### Instructions for the task
Your reply should be the entries, output word for word, with each picture omitted.

Top of Material for the task

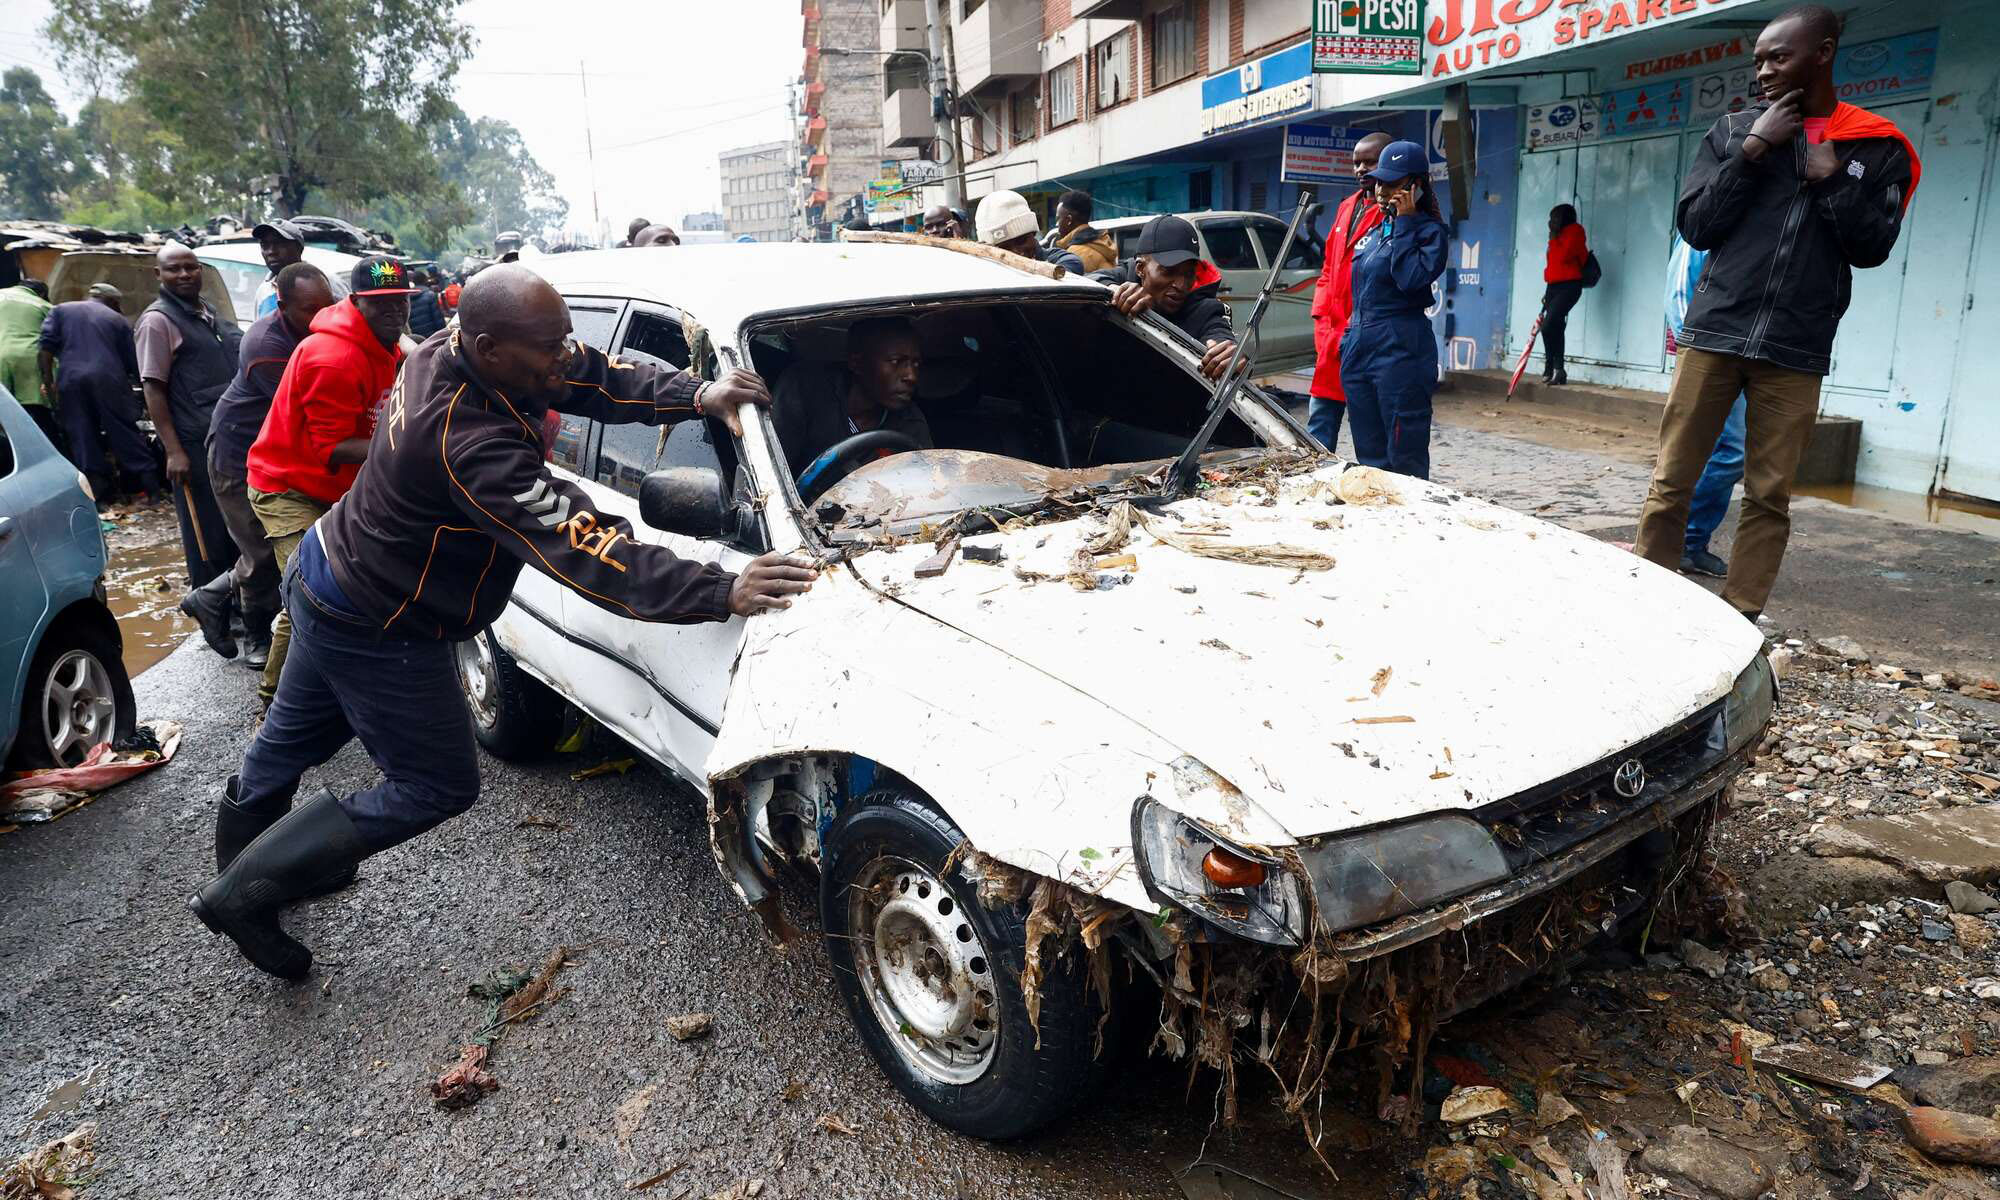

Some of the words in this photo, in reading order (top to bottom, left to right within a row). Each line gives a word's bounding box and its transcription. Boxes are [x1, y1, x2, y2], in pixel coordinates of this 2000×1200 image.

[1364, 0, 1418, 30] PESA
[1315, 47, 1361, 55] STORE
[1364, 49, 1418, 57] NUMBER
[1316, 35, 1361, 43] AGENT
[1365, 36, 1418, 46] NUMBER
[1432, 33, 1521, 77] AUTO
[1626, 38, 1742, 80] FUJISAWA
[1247, 76, 1312, 119] ENTERPRISES
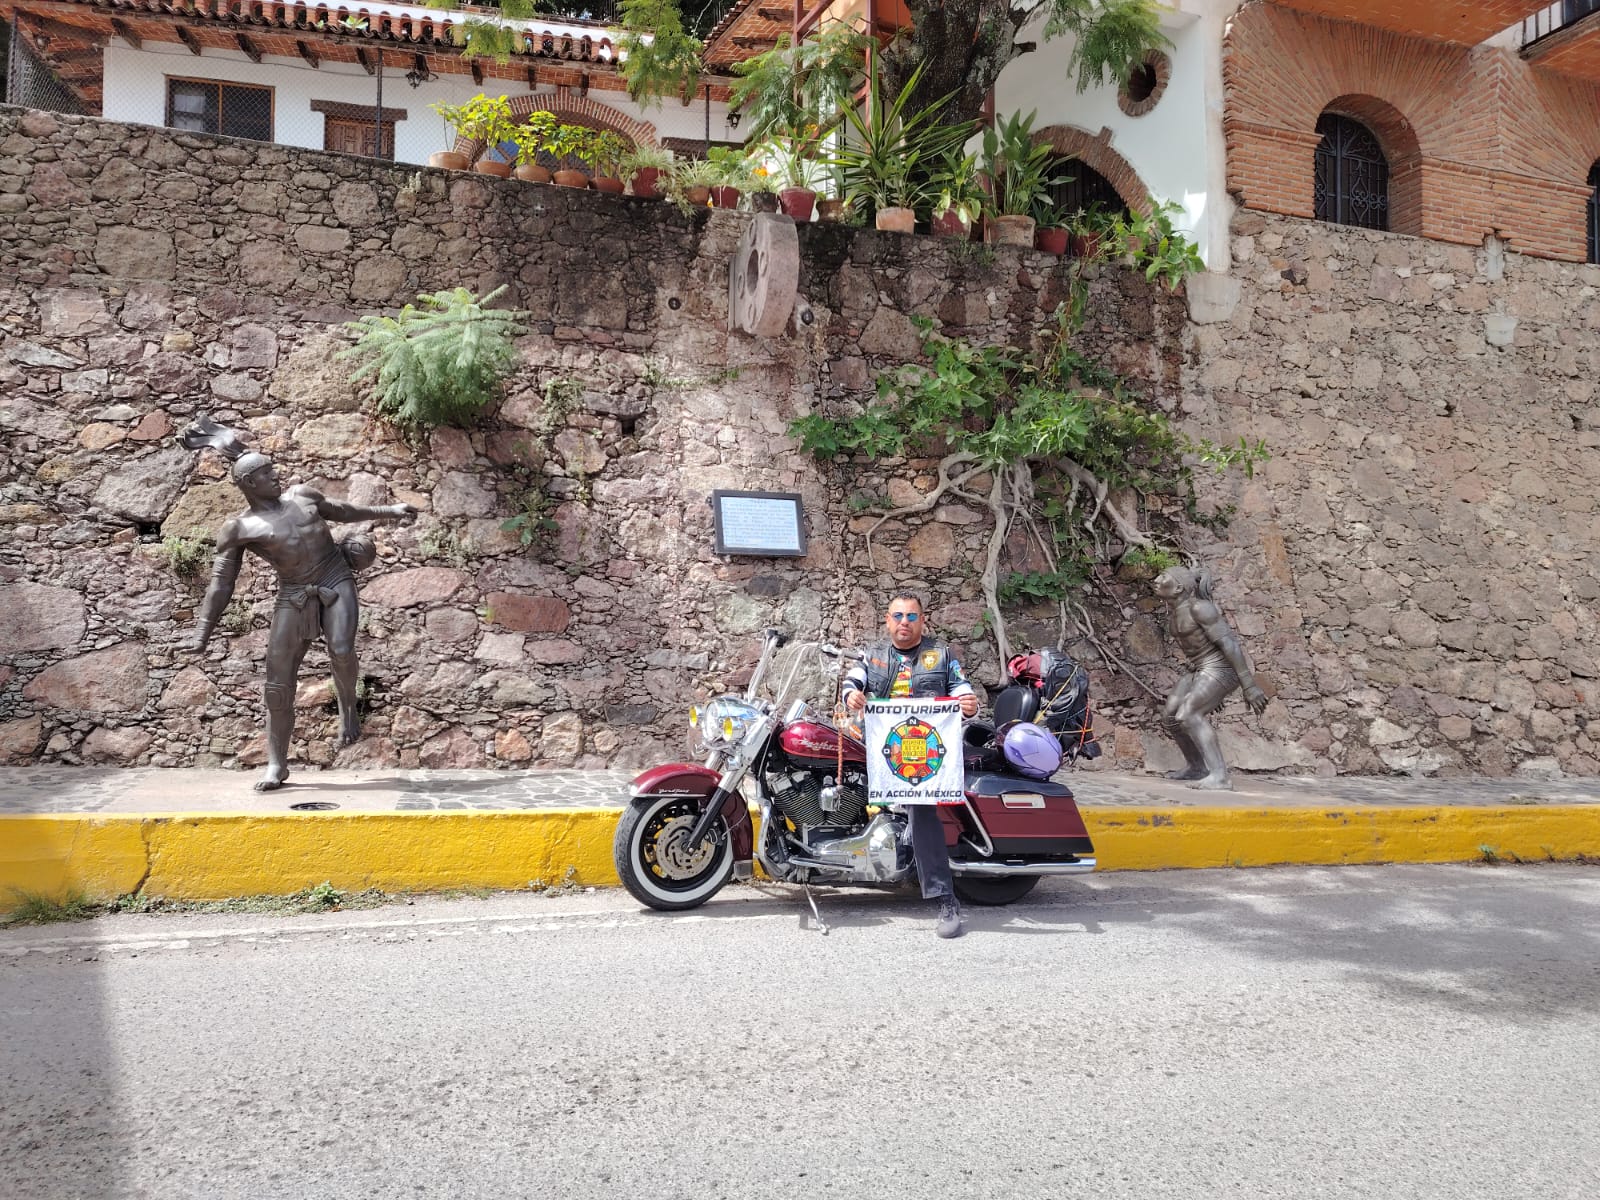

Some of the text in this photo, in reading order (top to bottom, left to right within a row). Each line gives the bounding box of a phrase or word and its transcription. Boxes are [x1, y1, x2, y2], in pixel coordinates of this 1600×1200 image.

[865, 704, 960, 714] MOTOTURISMO
[886, 788, 921, 797] ACCIÓN
[925, 788, 961, 797] MÉXICO
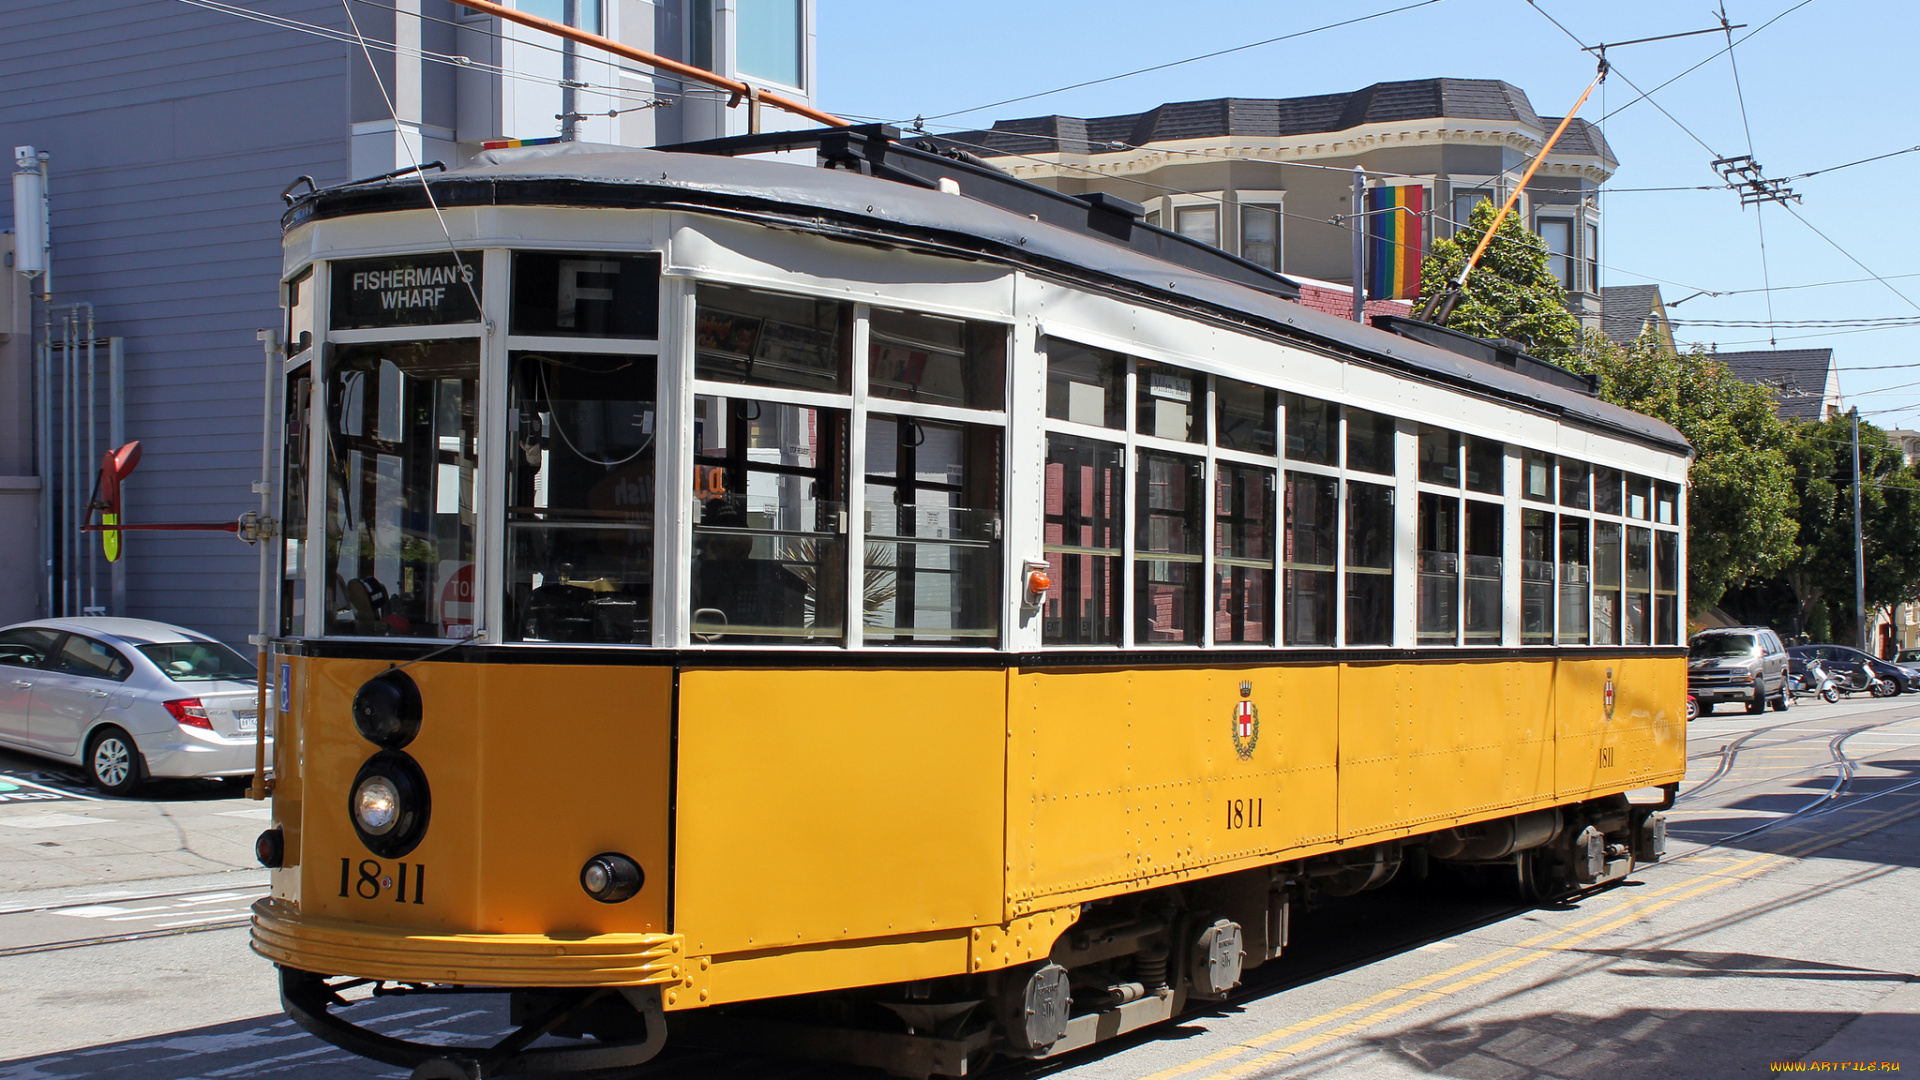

Bottom of Material for the task

### Task solution
Some of the words in this photo, in reading order (top to bottom, left to right within a row). Each line gives a word's bounding box and its transcription. Boxes are [x1, y1, x2, y2], in pixel coordinates of this 2000×1200 image.

[1364, 0, 1418, 30] PESA
[1315, 47, 1361, 55] STORE
[1364, 49, 1418, 57] NUMBER
[1316, 35, 1361, 43] AGENT
[1365, 36, 1418, 46] NUMBER
[1432, 33, 1521, 77] AUTO
[1626, 38, 1742, 80] FUJISAWA
[1247, 76, 1312, 119] ENTERPRISES

Some of the text in this photo, in reading order (top to bottom, left to right within a row). Each line gives the bounding box of a phrase or word and its transcription. Boxes are [x1, y1, x2, y2], in pixel coordinates of this 1600×1200 image.

[865, 704, 960, 714] MOTOTURISMO
[886, 788, 921, 797] ACCIÓN
[925, 788, 961, 797] MÉXICO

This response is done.